Bread is both a symbolic and literal representation of the need to be well fed, and where there are battles for equality, bread will often be found. Indeed, the tension between exclusive “artisanal baking” and affordable healthy additive-free bread within the baking community is perhaps an indicator for the broader state of food provision here in Britain. (We err towards the latter, in case that’s not obvious!) 

The other aspect of Loaf is our status as a workers cooperative. Nancy wrote about how this related to IWD a few years back, and the cooperative movement has always had women’s equality and empowerment at its core. The history of the Co-operatives Women’s Guild, formed in 1883, is particularly eye-opening, seeing them involved in campaigns for rights we now take for granted. 

So, happy International Women’s Day! May it be a reminder of both how far we’ve come and, in these strange times, how far we have to go. 

Four inspirational bakeries for IWD

There are many ways to run a bakery. Here are four with a mission to support women.. 

The Good Loaf in Northamptonshire works to “provide real employment opportunities to vulnerable local women so that we can break the cycle of poverty, unemployment and offending”.

Luminary bakery in London “work holistically with women, offering a safe space to train, trauma-informed support as they overcome barriers from lack of opportunity, preparation for employment, and guidance in building towards a positive future.”

Hot Bread Kitchen in “aim to create economic mobility for individuals impacted by gender, racial, social, and/or economic inequality in New York City, historically using the vibrant potential of the food industry as a pathway forward.”

Yangon Bakehouse works to empower women in the Myanmar. “By providing our apprentices opportunities to gain life and work skills, they gain dignity and confidence to move into the workforce as employees and small business owners.”

What is Real Bread Week?

Loaf is proud to be a member of the Real Bread Campaign which mirrors many of our aims and objectives as a community bakery.
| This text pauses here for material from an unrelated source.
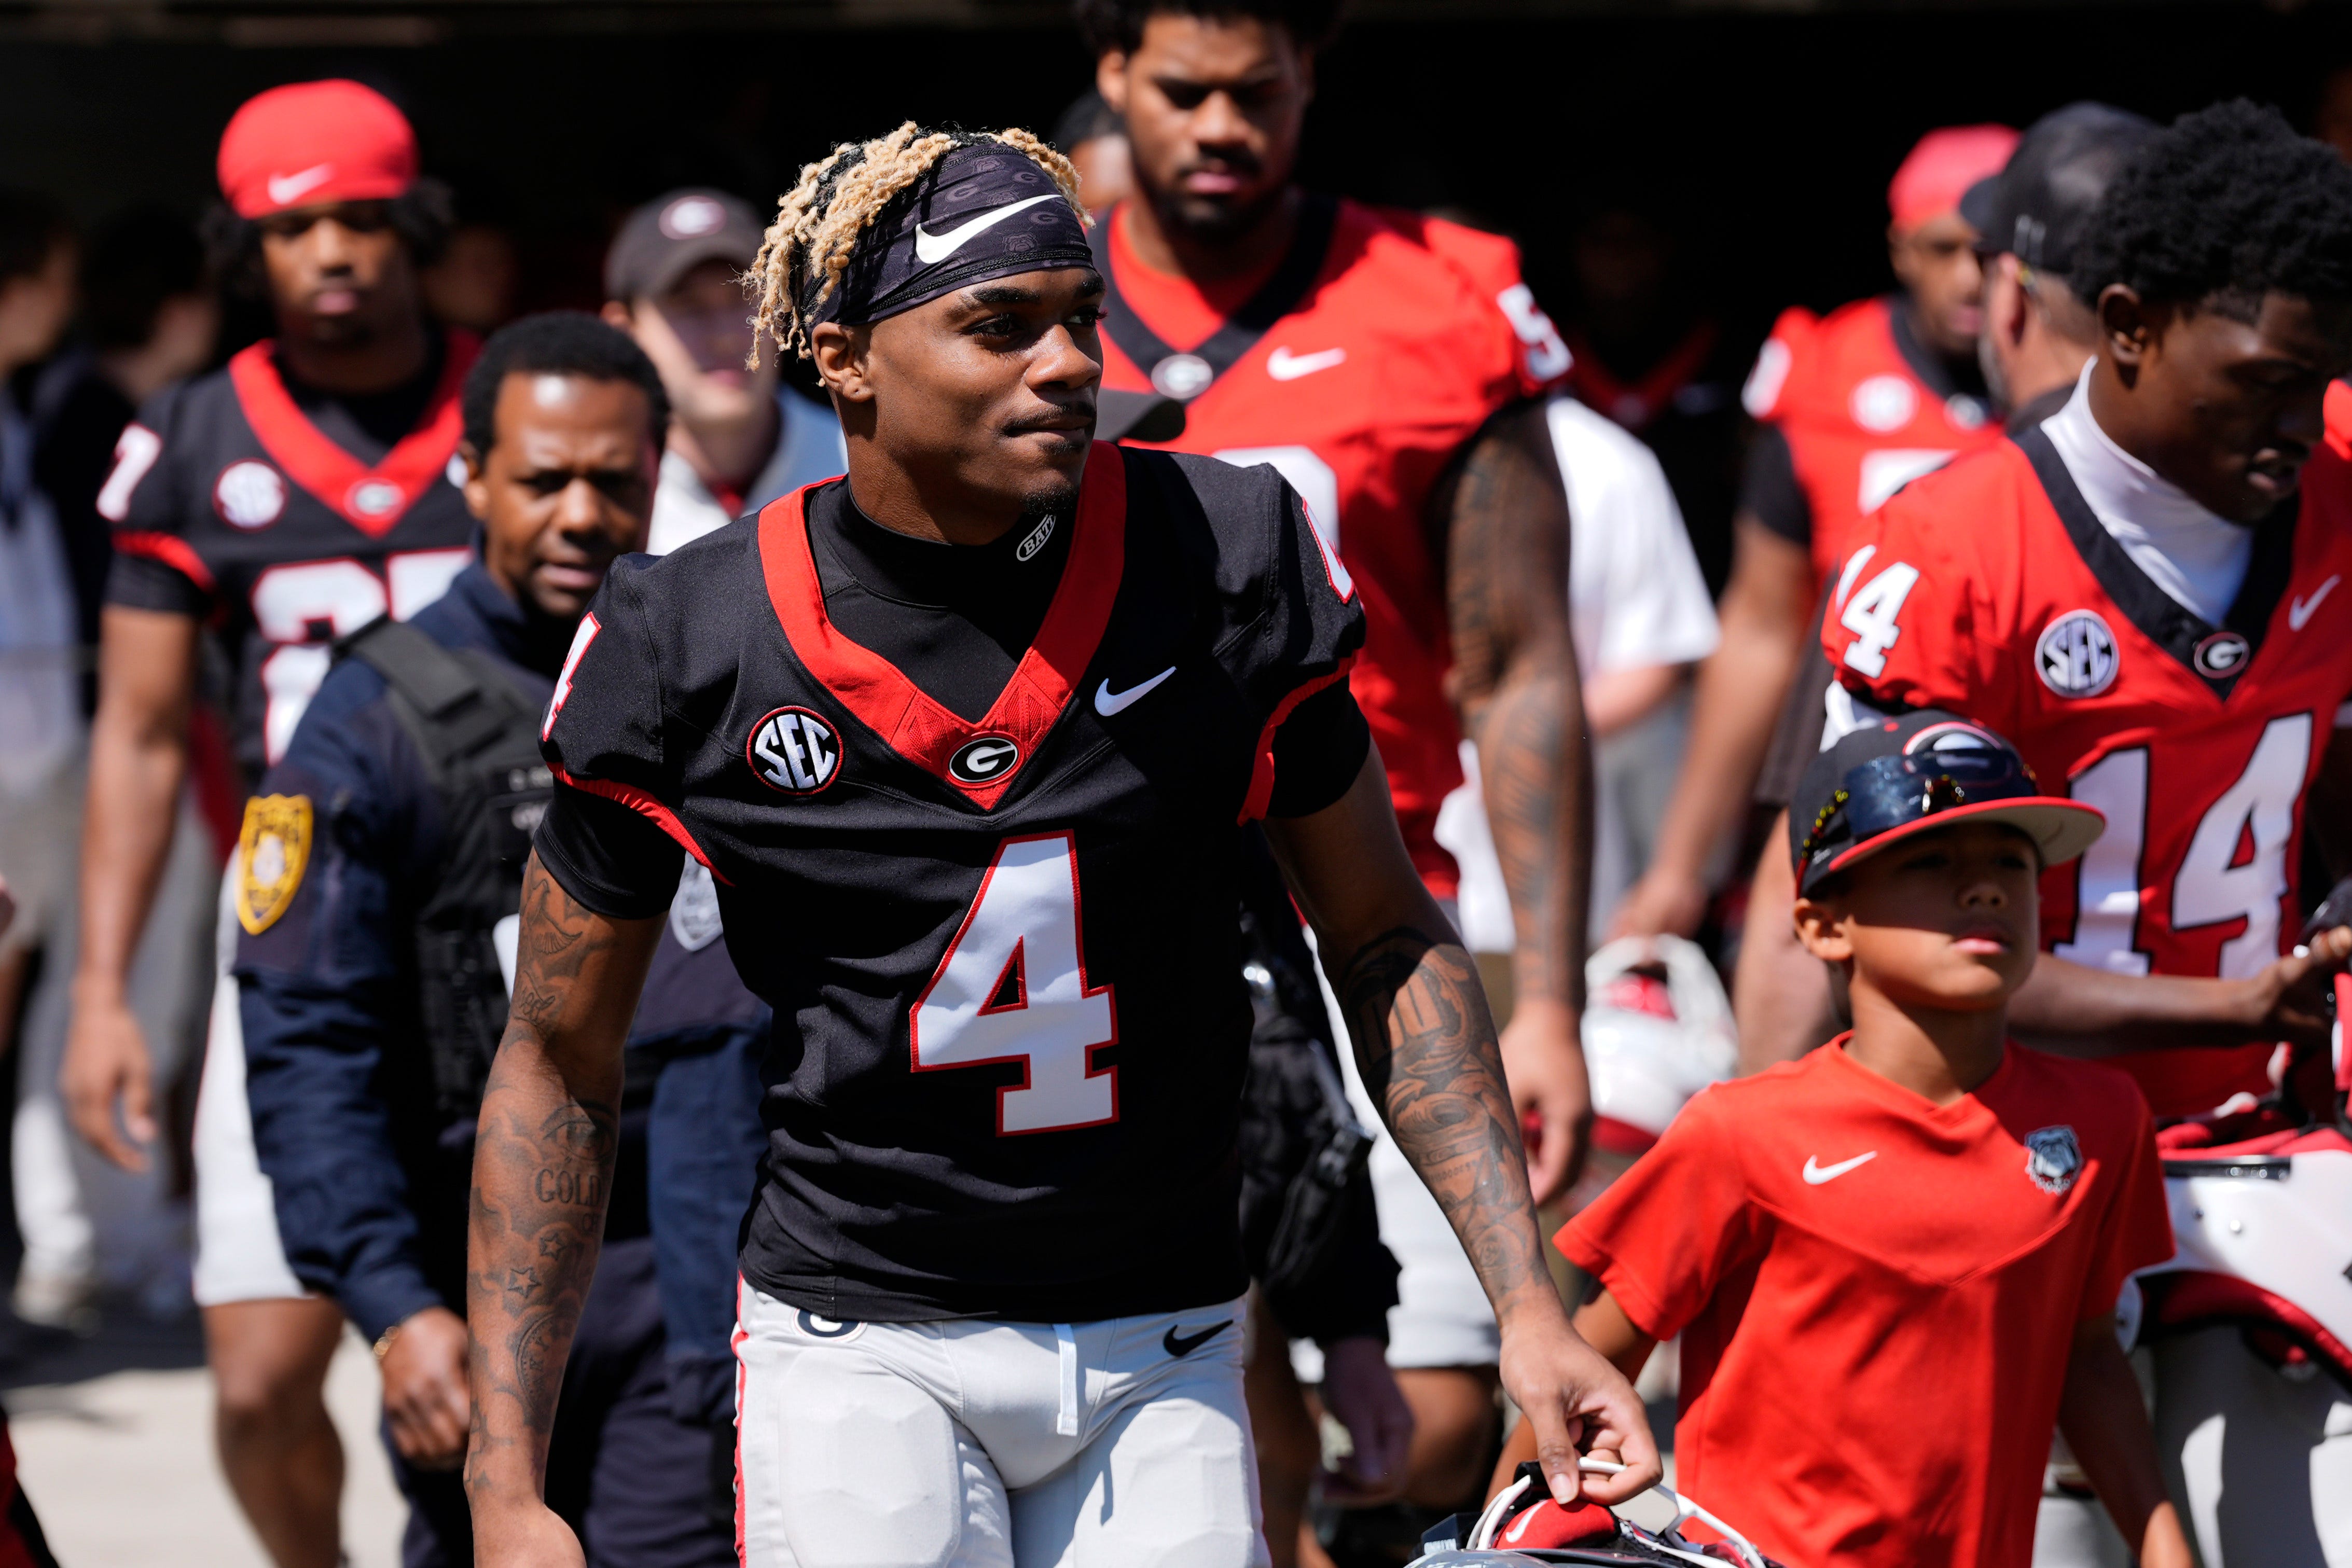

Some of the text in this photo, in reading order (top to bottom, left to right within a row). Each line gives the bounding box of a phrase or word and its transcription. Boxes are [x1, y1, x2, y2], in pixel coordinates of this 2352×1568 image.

This week is Real Bread Week where bakeries and bakers of all scales celebrate and promote the benefits of good bread.

The campaign is broadly split into two areas. The first is that a healthy society needs healthy bread. The legacy of post-war industrial baking processes, when grain quality was low and needs were high, means most commercial bread is made with additives to shorten production times. It is then supplemented with artificial nutrients to compensate for those lost in the process. What should have been an emergency stop-gap measure has become an unnecessary and less healthy industry standard.

Real bread should not be a luxury, artisanal product (though there’s nothing wrong with a fancy loaf). It should be affordable and everywhere. At Loaf we’re proud of our Stirchley loaf, a healthy, tasty and simple bread that we keep affordable.

The other side to the campaign is to create a sustainable ecosystem comprising bakers and bread-eaters working towards the campaign’s aims. When Tom started Loaf a decade ago, one of his aims was to encourage more bakeries on more high streets. Since then we’ve seen much more competition emerge around Birmingham, which is great! We want to see a Loaf-style bakery on every high street and, pandemic aside, we’re always happy to offer help and advice.

Over the last year we haven’t been able to be as proactive in the Real Bread Campaign as we’d like, for obvious reasons. But being aligned with its ethos, and that of the co-operative movement, has certainly helped us to survive the pandemic thus far.

Real bread is nice and tasty, but it’s also important, and we should never forget that.